辺境伯からの迎え
襲ってきた男たちを自警団に引き渡した私たちは、自警団の提案を受けて辺境伯からの迎えを待つことにした。その方が絶対的に安全だからだ。いくら王都の第一騎士団の騎士に守られているとはいえ四人しかいないし、これから先は険しく人の往来の少ない山道になる。このメンバーで無理をして進むよりは、迎えに来て頂いた方がずっと安全だからだ。
ただ、その話がこの街の監督官の元に伝わると、ちょっとしたトラブルになってしまった。王命で辺境伯との結婚を命じられた話はまだこの地に伝わっていなかったのもあってか、私たちは逆に不審者に見られてしまったのだ。
でも、それは仕方ないわね。普通、貴族、それも侯爵家の令嬢が結婚する場合、婿側が騎士を率いて迎えに上がるのが一般的だから。まさか花嫁が、いくら第一騎士団とはいえたった四人の護衛を連れて自ら出向くなど前代未聞だもの。街の監督官は私たちが詐欺師の一行だと疑ったらしく、宿で軟禁される羽目になってしまった。
「全く、これでは軟禁ではありませんか!」
そう言って憤慨したのはユーニスだったが、実際、私達は別邸からの外出は認められなかった。それは護衛の四人も同じで、彼らもこの扱いには憤慨していた。そうは言っても、たった七人ではどうしようもない。下手に反発すれば牢に繋がれる可能性もあるからと、私は皆を宥めるしか出来なかった。辺境伯の元に行くまで我慢して欲しいとお願いすると、みんなは渋々ながらも従ってくれた。

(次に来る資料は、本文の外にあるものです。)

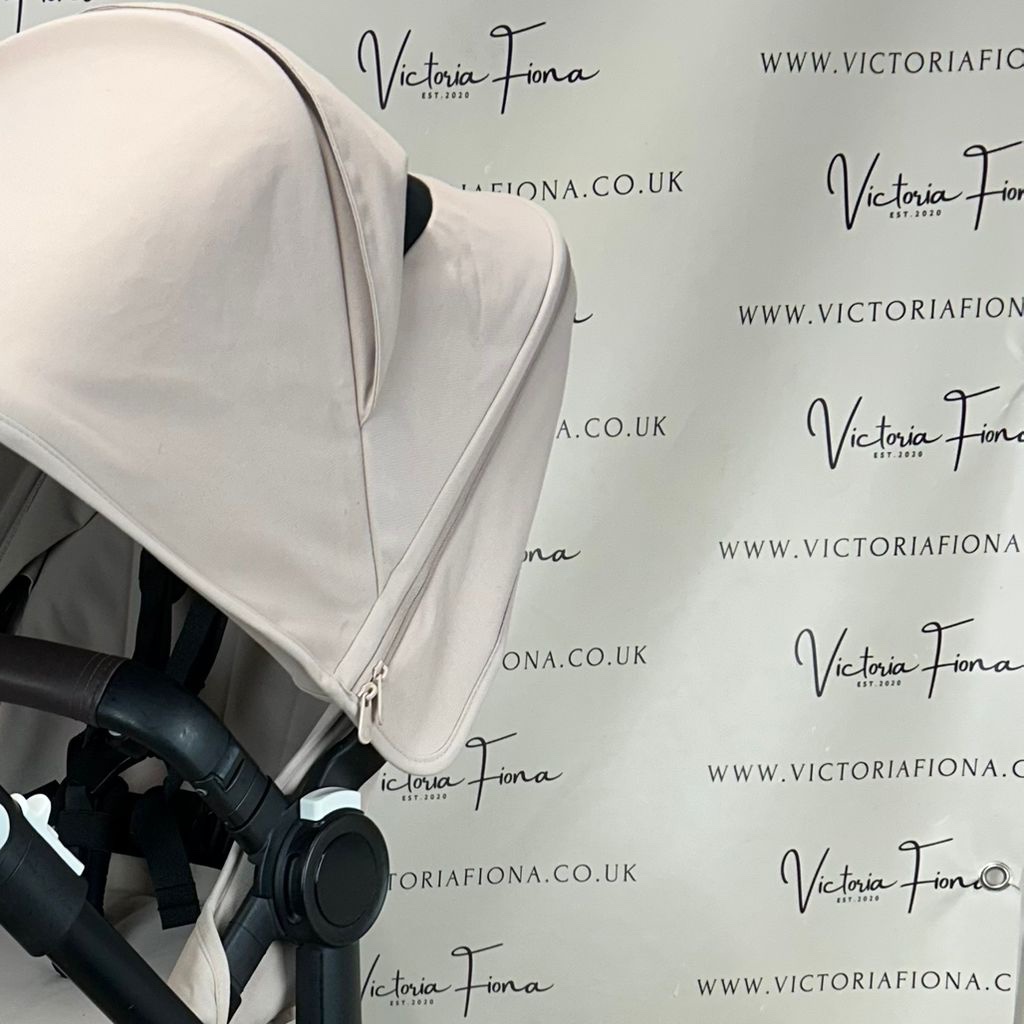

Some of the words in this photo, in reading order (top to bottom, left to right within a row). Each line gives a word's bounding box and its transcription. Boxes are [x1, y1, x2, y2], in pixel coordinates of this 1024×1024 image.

[358, 29, 489, 110] Victoria
[490, 21, 600, 115] Fiona
[761, 48, 1024, 74] WWW.VICTORIAFIO
[421, 91, 470, 99] EST.2020
[827, 153, 963, 230] Victoria
[889, 209, 942, 218] EST.2020
[739, 297, 1024, 325] WWW.VICTORIAFION
[807, 396, 943, 470] Victoria
[794, 627, 919, 698] Victoria
[921, 618, 1024, 699] Fiona
[381, 772, 465, 792] ictoria
[465, 732, 563, 811] Fiona
[708, 757, 1024, 783] WWW.VICTORIAFIONA.C
[388, 863, 638, 891] TORIAFIONA.CO.UK
[781, 848, 897, 914] Victoria
[451, 943, 554, 1017] Fiona

最終的には王家の紋章入りの書状と、護衛の四人が第一騎士団の記章を着けていたこと、また監督官の補佐官が本物かどうかは辺境伯の迎えが来れば直ぐにわかるからと執り成したため、私達は監督官の別邸に滞在する事になった。まぁ、それでも厳重に警備されていて、それは護衛と言うよりも監視に近かったのだけど。それでも、知らない人と隣り合わせになる宿よりも監察官の別邸の方がずっと安全に思える。同行してくれる皆を危険な目に合わせずに済んで私はホッとしていた。
「お嬢様、辺境伯家の迎えが到着しました!」
ビリーが弾んだ声でそう教えてくれたのは、街に滞在してから四日目、屋敷を出発してから十五日目だった。
「まさか? 早すぎるわ」
街の監督官が辺境伯へ使いを出したのは街に滞在して二日目で、早馬でも辺境伯の屋敷には丸一日はかかり、逆算すると一日でここまで辿り着いた計算になる。本当に辺境伯家の騎士なの?
そんな疑問を抱えながら別邸の外を窺うと、そこにはずらりと並ぶ騎士の姿があった。一体何人の騎士がいるのかしら……

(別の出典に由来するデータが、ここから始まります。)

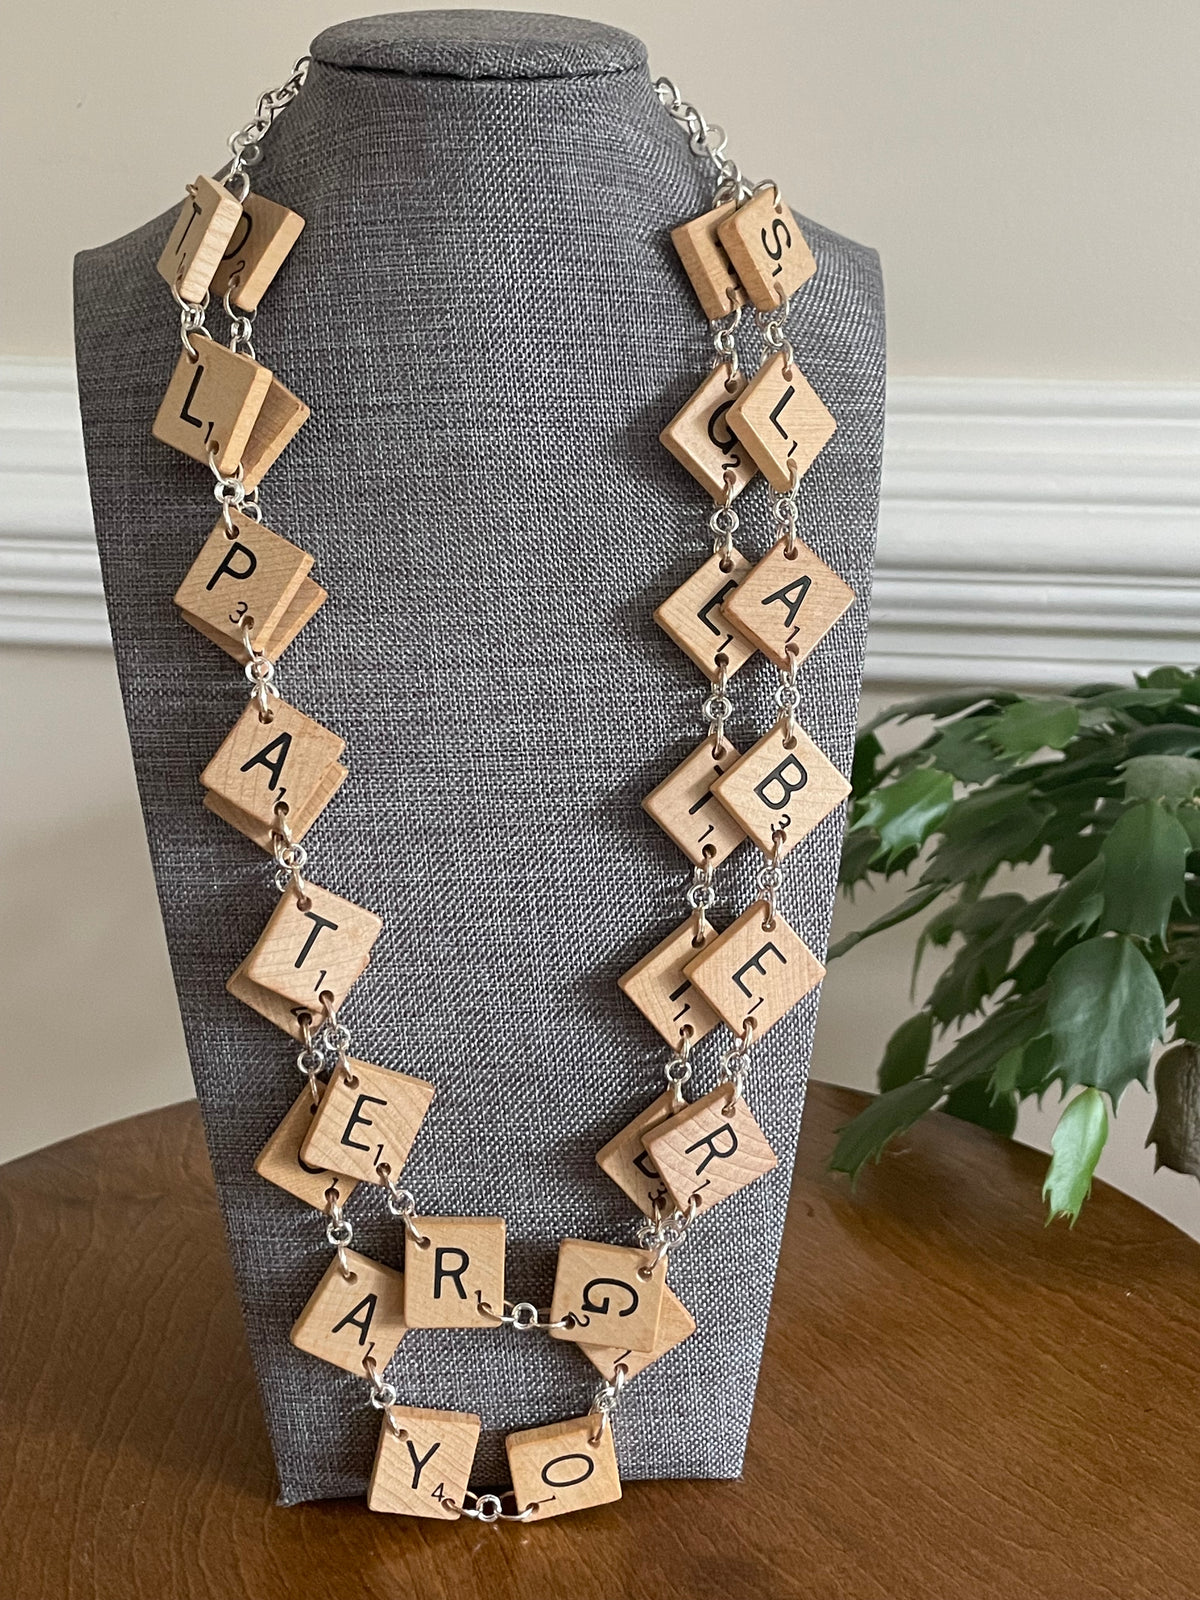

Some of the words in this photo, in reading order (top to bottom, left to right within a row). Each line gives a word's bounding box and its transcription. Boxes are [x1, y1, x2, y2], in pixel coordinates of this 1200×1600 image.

[761, 218, 791, 261] S
[180, 365, 204, 428] L
[769, 385, 795, 440] L
[205, 541, 258, 592] P
[761, 575, 812, 628] A
[240, 731, 293, 791] A
[753, 753, 808, 810] B
[294, 912, 338, 969] T
[732, 942, 787, 998] E
[340, 1094, 387, 1151] E
[685, 1122, 738, 1176] R
[433, 1247, 470, 1300] R
[580, 1277, 639, 1318] G
[331, 1292, 378, 1346] A
[406, 1440, 441, 1489] Y
[541, 1453, 595, 1487] O
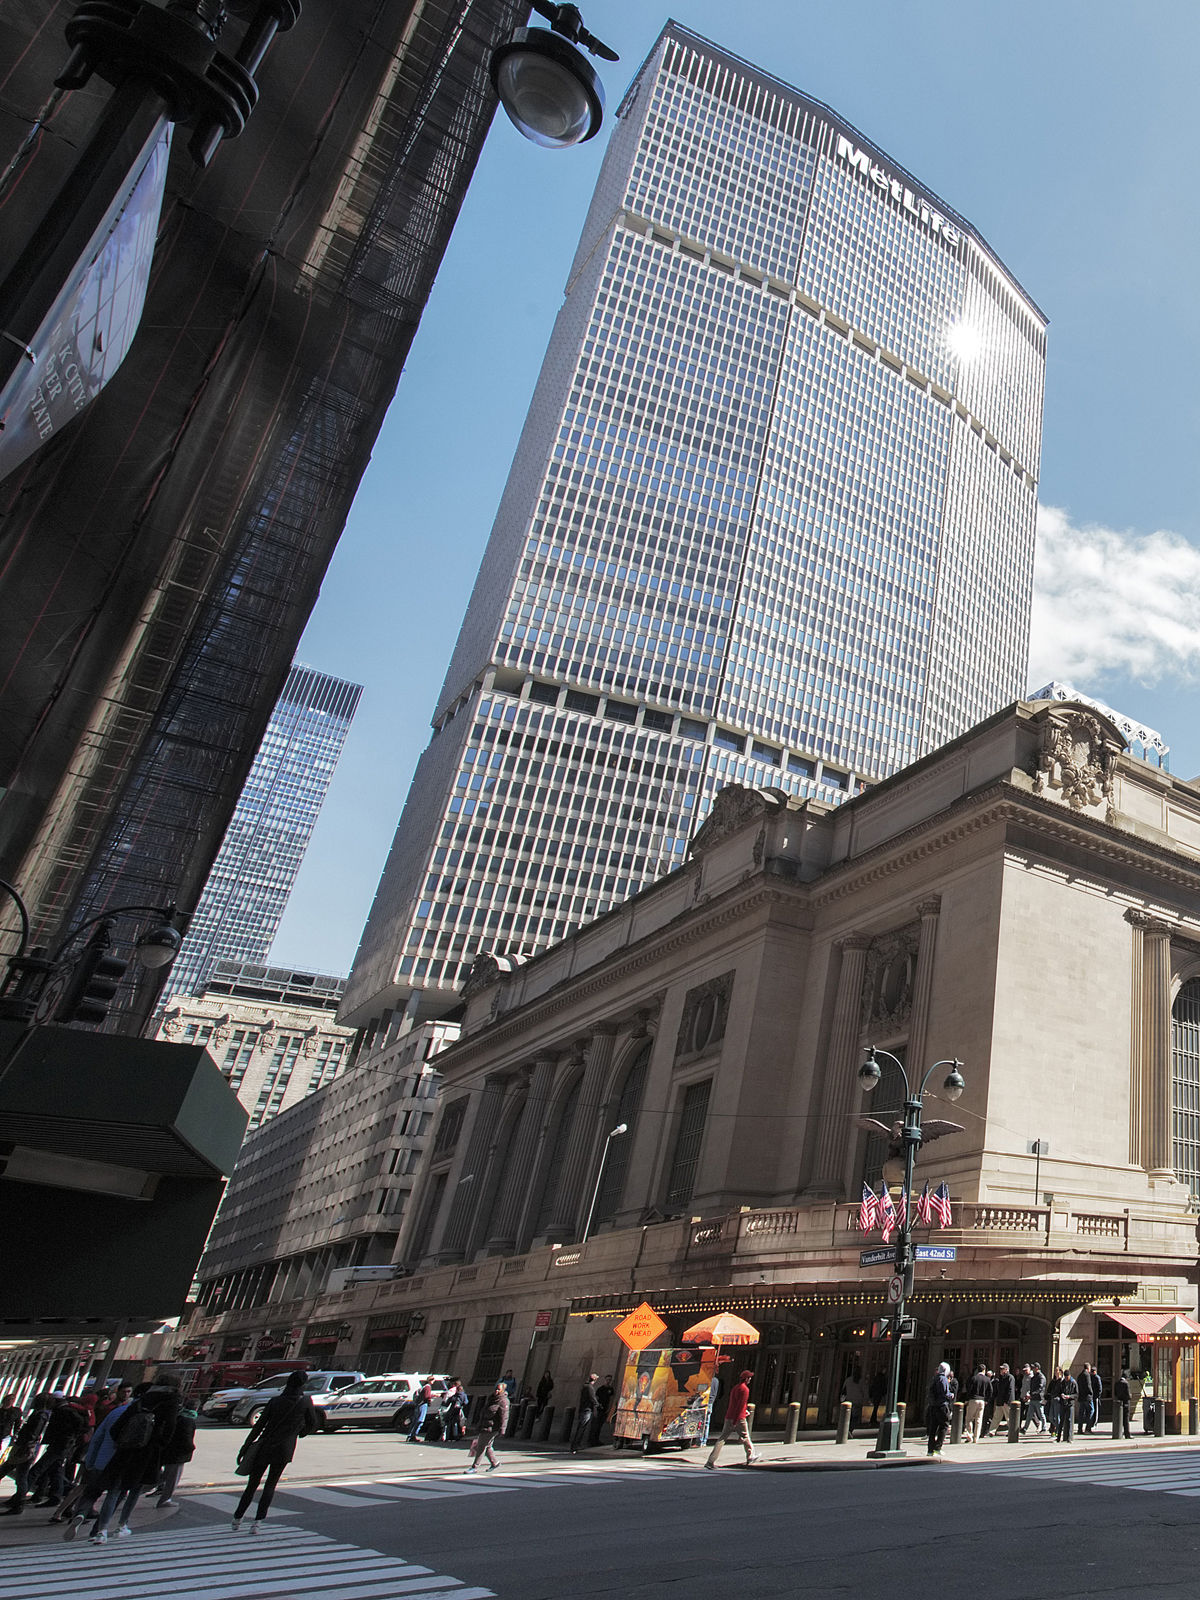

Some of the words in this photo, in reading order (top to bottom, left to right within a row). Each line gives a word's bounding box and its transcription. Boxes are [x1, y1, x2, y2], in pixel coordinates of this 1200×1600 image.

[837, 133, 959, 247] MetLife
[862, 1252, 886, 1263] Vanderbilt
[886, 1251, 896, 1259] Ave
[915, 1249, 928, 1257] East
[929, 1249, 945, 1257] 42nd
[946, 1250, 954, 1258] St
[257, 1340, 273, 1348] STOP
[335, 1400, 403, 1410] POLICE

「セネット侯爵令嬢が王都を発たれたと王家より連絡がありまして。その為辺境伯が我々を遣わしたのでございます。本来でしたら我が主がお迎えに上がらねばならぬところですが、あいにく外せぬ所用がございまして……」
迎えの護衛団の代表は四十代くらいの騎士で、モーガンと名乗った後、申し訳なさそうにそう告げた。顔に痛々しい傷跡が残っているけれど、穏やかな物言いは実直で真面目そうな人柄が伺えて、辺境伯様の人となりと心遣いを感じた。少なくとも拒否されているわけではなさそうね。

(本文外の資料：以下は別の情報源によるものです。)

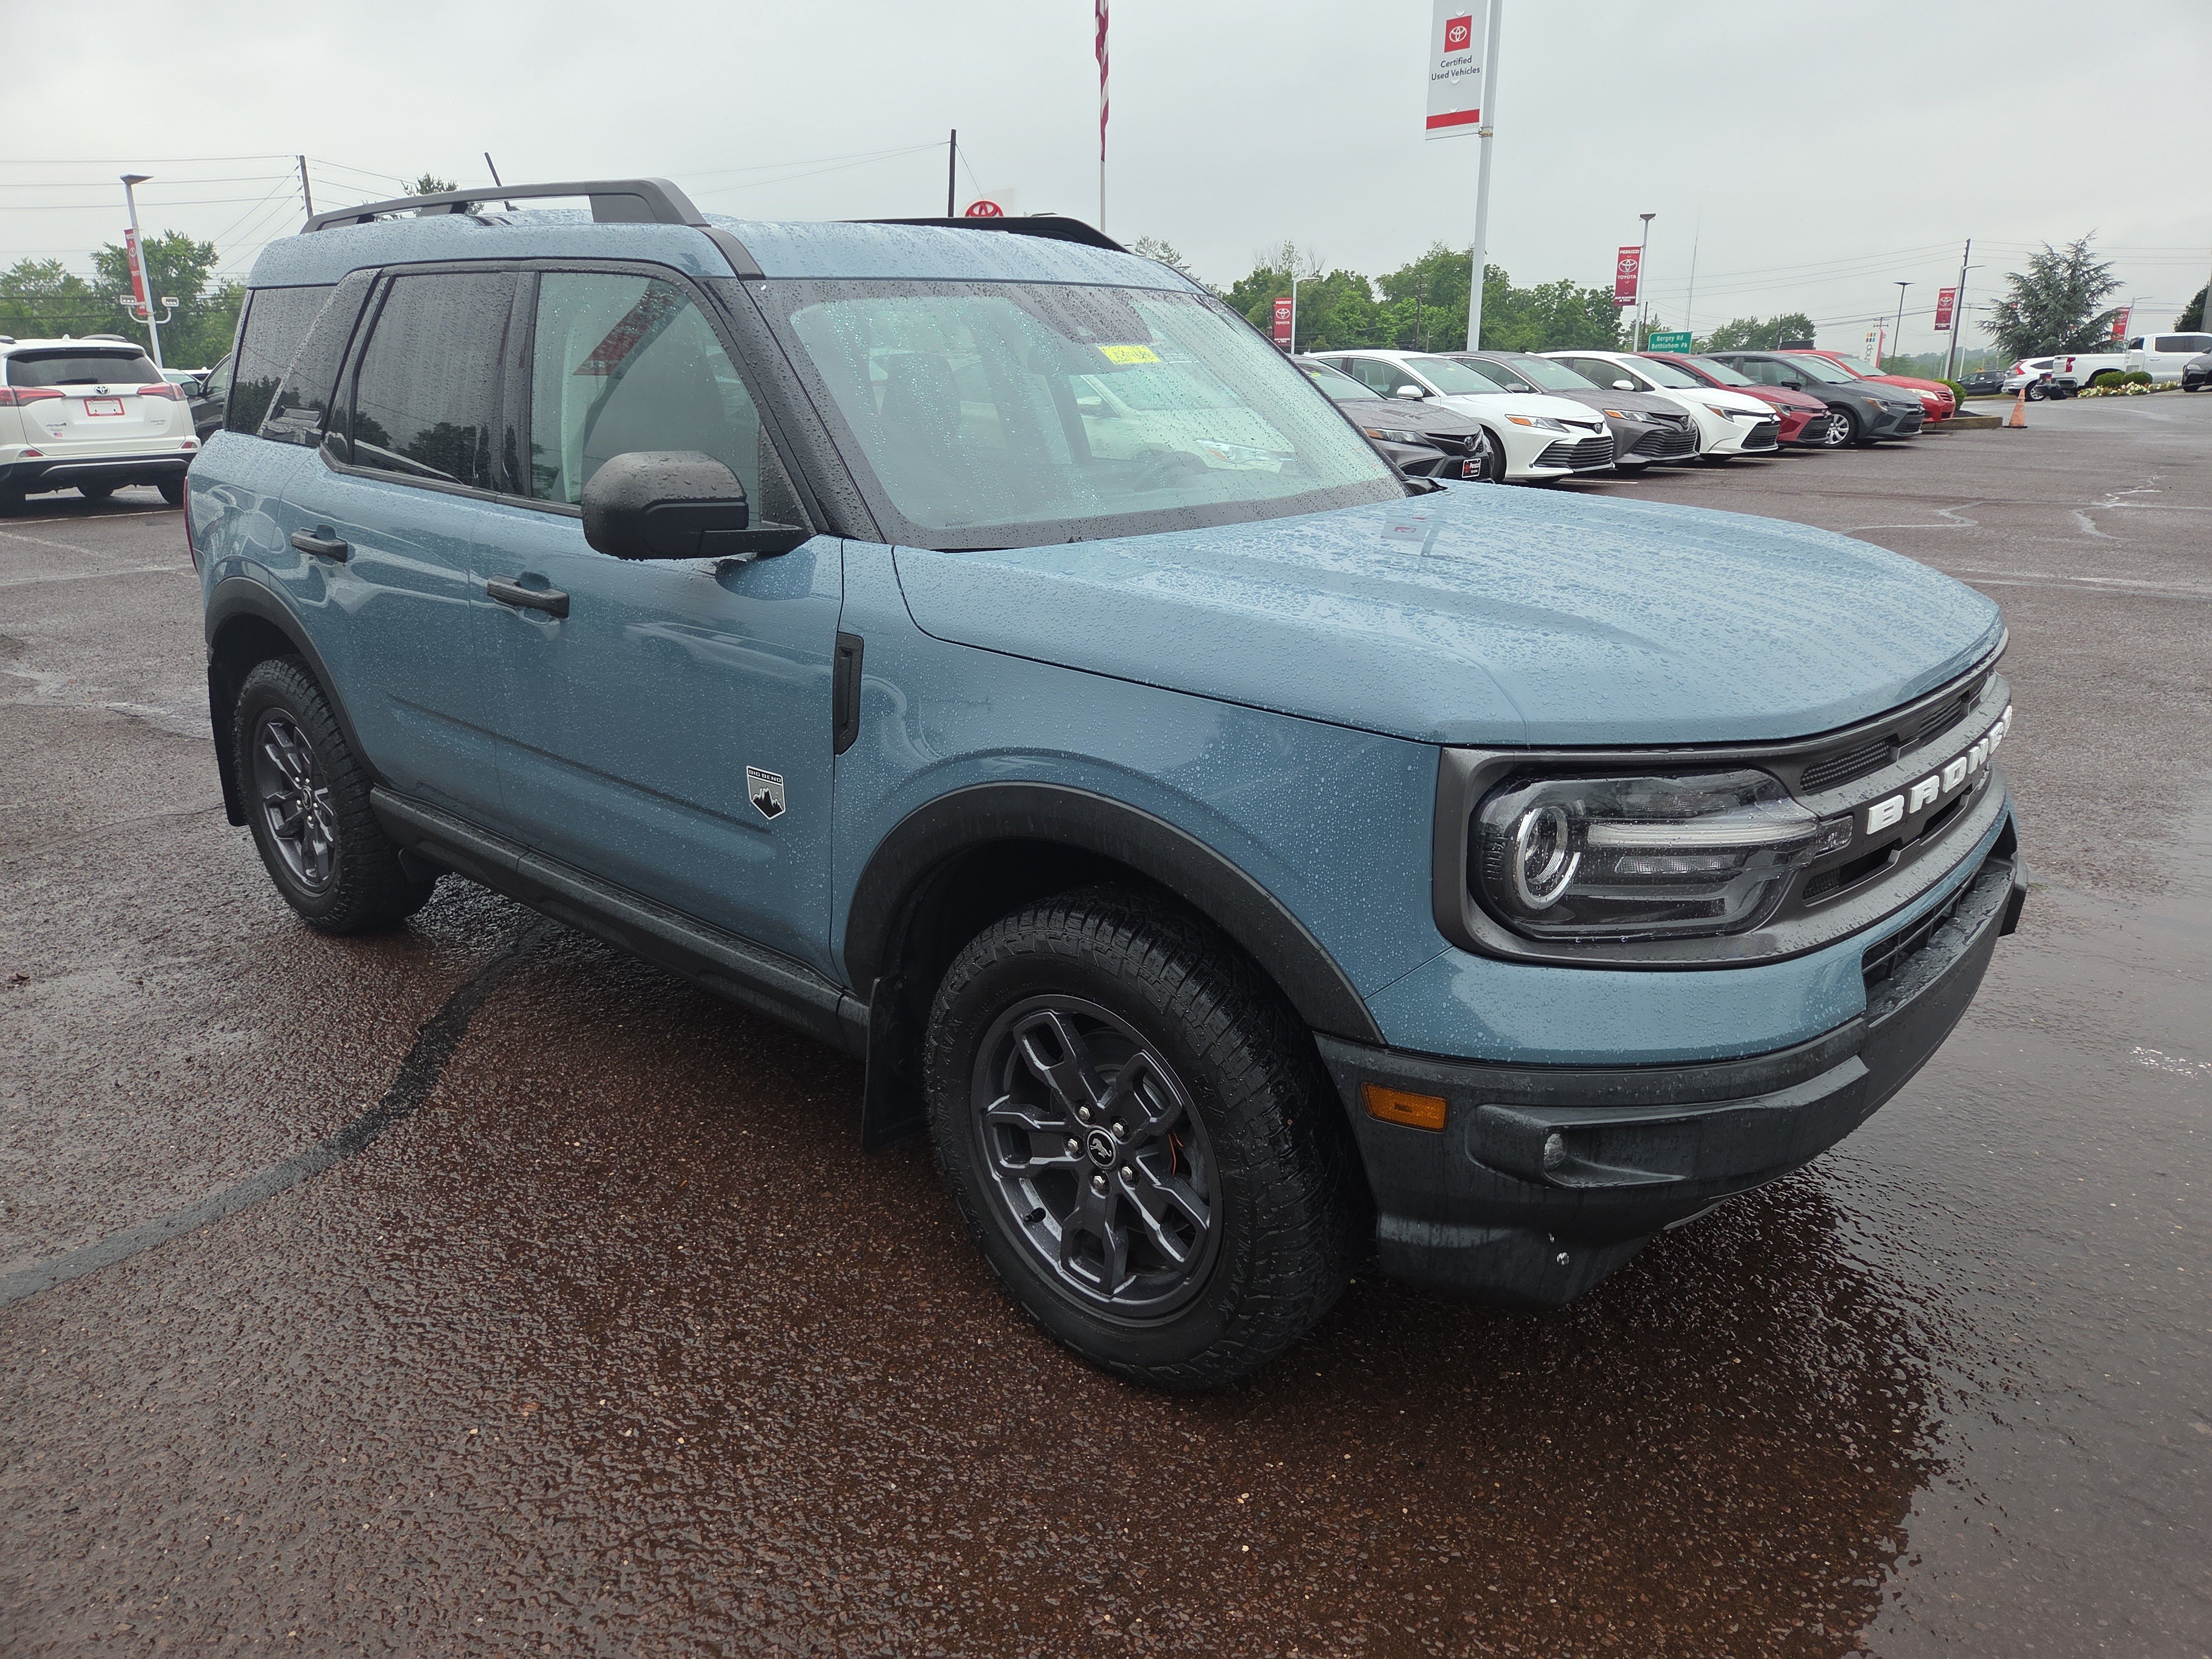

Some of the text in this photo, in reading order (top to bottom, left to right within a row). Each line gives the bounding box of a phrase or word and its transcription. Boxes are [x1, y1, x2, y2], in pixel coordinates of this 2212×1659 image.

[1440, 55, 1472, 68] Certified
[1431, 66, 1480, 81] Used Vehicles
[762, 773, 781, 783] BEND

「いいえ、お心遣いありがとうございます。こちらも不作法な訪問ですので、かえって恐縮です」
実際、この輿入れ自体が非常識の連続だっただけに、かえって申し訳ない気持ちになってしまったわ。今までは無事に辿り着けるかどうかばかりを気にしていたけれど、こうして辺境伯の護衛団に迎えられると、こちらの訪問の在り方が非常識だということを思い出してしまった。婚姻は王命ではあるけれど、こんな訪問では辺境伯様にもいい印象を与えないわよね。これまでは道中の危険ばかりを気にしていたけれど、それが解決してしまうと今度は非常識な訪問というもう一つの問題を意識せざるを得なかった。
結局その日は時間的に遅いからと出発は翌日になった。順調にいけば三日で辺境伯家の屋敷に着くという。護衛の四人はここで引き返す事も可能だったが、彼らは最後までお供しますと言ってくれたため、そのまま一緒に屋敷を目指す事になった。
短い付き合いではあるけれど、彼らは私を案じてくれるようになっていた。これも多分、私がクロフとグレイディの傷を癒した事が大きいのでしょうね。それほどに治癒魔法は貴重で珍しいものだから。